* _Data for review_:

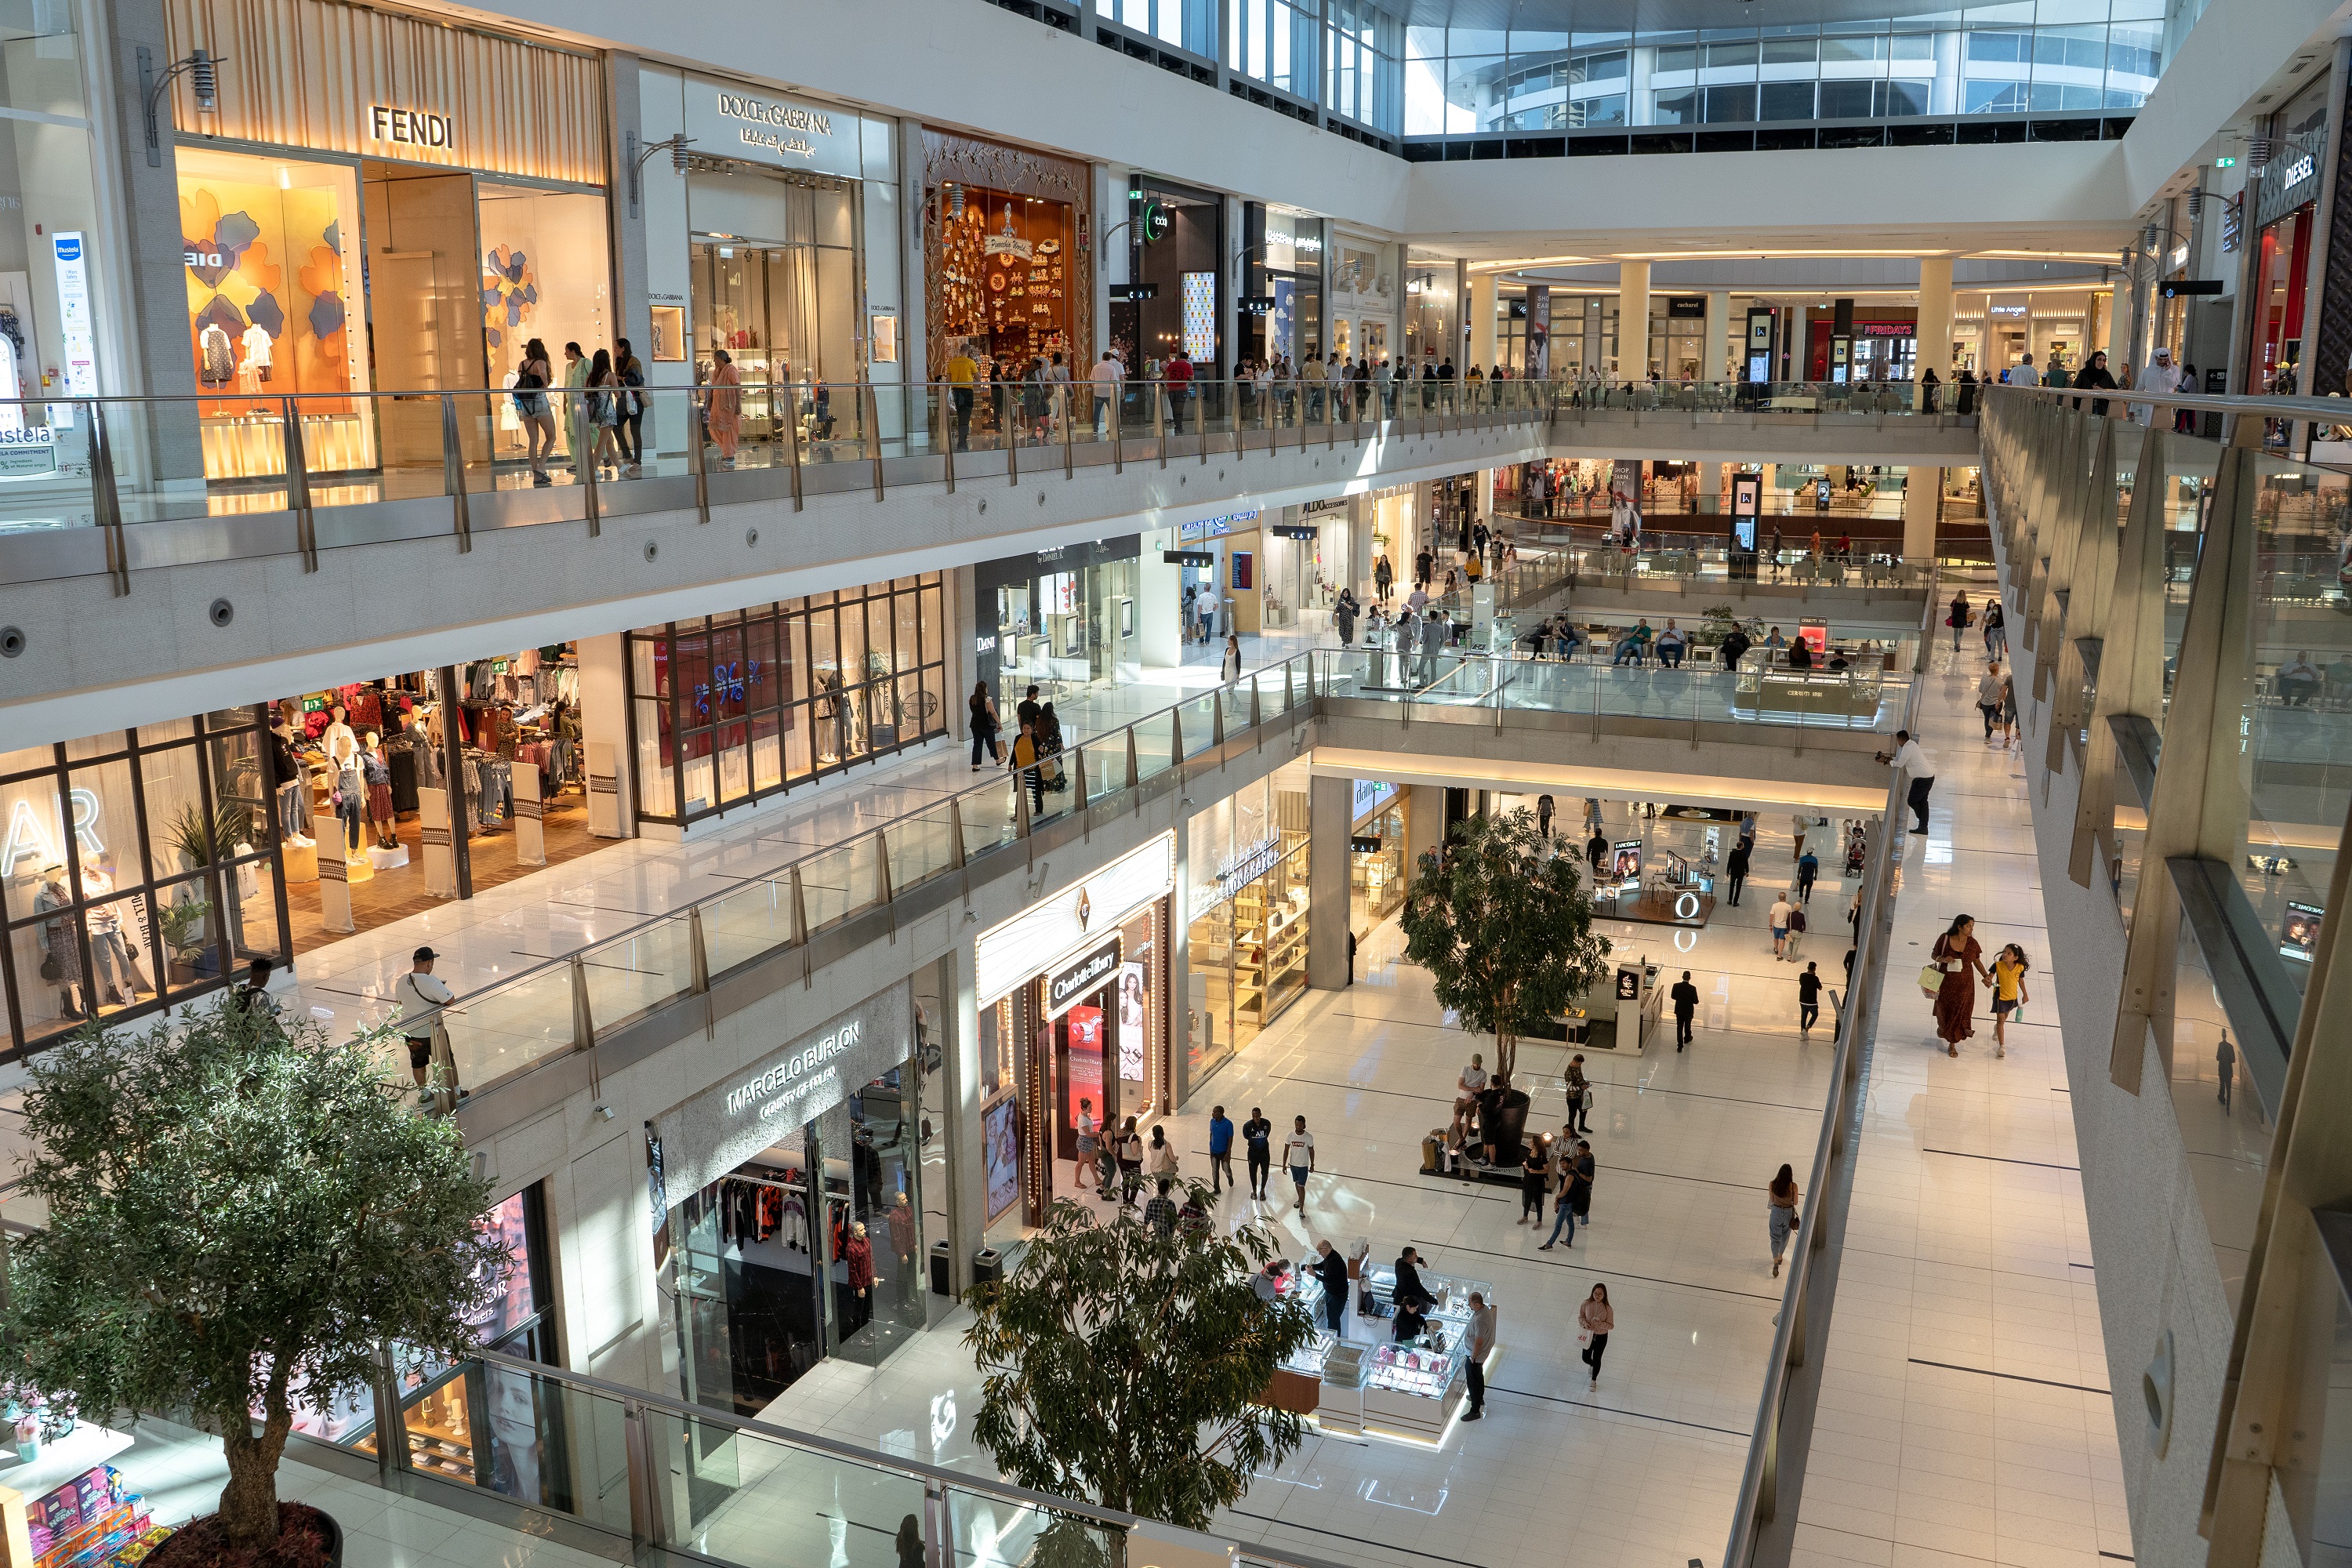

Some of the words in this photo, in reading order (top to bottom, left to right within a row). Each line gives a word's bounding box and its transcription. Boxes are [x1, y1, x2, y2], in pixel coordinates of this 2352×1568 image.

[372, 106, 452, 149] FENDI
[2285, 155, 2314, 191] DIESEL
[991, 238, 1011, 249] Pinocchio
[1012, 240, 1026, 252] World
[2005, 306, 2027, 317] Angels
[1870, 325, 1912, 335] FRIDAYS
[1303, 499, 1325, 514] ALDO
[1324, 499, 1348, 510] ACCESSORIES
[1214, 526, 1231, 535] EXCHANGE
[1037, 555, 1043, 565] by
[977, 636, 996, 652] DANI
[140, 924, 152, 950] BEAR
[728, 1055, 804, 1116] MARCELO
[803, 1020, 861, 1071] BURLON
[760, 1088, 797, 1120] COUNTY
[797, 1082, 811, 1098] OF
[810, 1065, 837, 1091] MILAN

* _Problem details_: Would you return all of the entries unchanged while omitting the images?

* _Result of this task_:
Some of the words in this photo, in reading order (top to bottom, left to right within a row). Each line gives a word's bounding box and its transcription. Boxes are [x1, y1, x2, y2], in pixel coordinates of this 2352×1568 image.

[372, 106, 452, 149] FENDI
[2285, 155, 2314, 191] DIESEL
[991, 238, 1011, 249] Pinocchio
[1012, 240, 1026, 252] World
[2005, 306, 2027, 317] Angels
[1870, 325, 1912, 335] FRIDAYS
[1303, 499, 1325, 514] ALDO
[1324, 499, 1348, 510] ACCESSORIES
[1214, 526, 1231, 535] EXCHANGE
[1037, 555, 1043, 565] by
[977, 636, 996, 652] DANI
[140, 924, 152, 950] BEAR
[728, 1055, 804, 1116] MARCELO
[803, 1020, 861, 1071] BURLON
[760, 1088, 797, 1120] COUNTY
[797, 1082, 811, 1098] OF
[810, 1065, 837, 1091] MILAN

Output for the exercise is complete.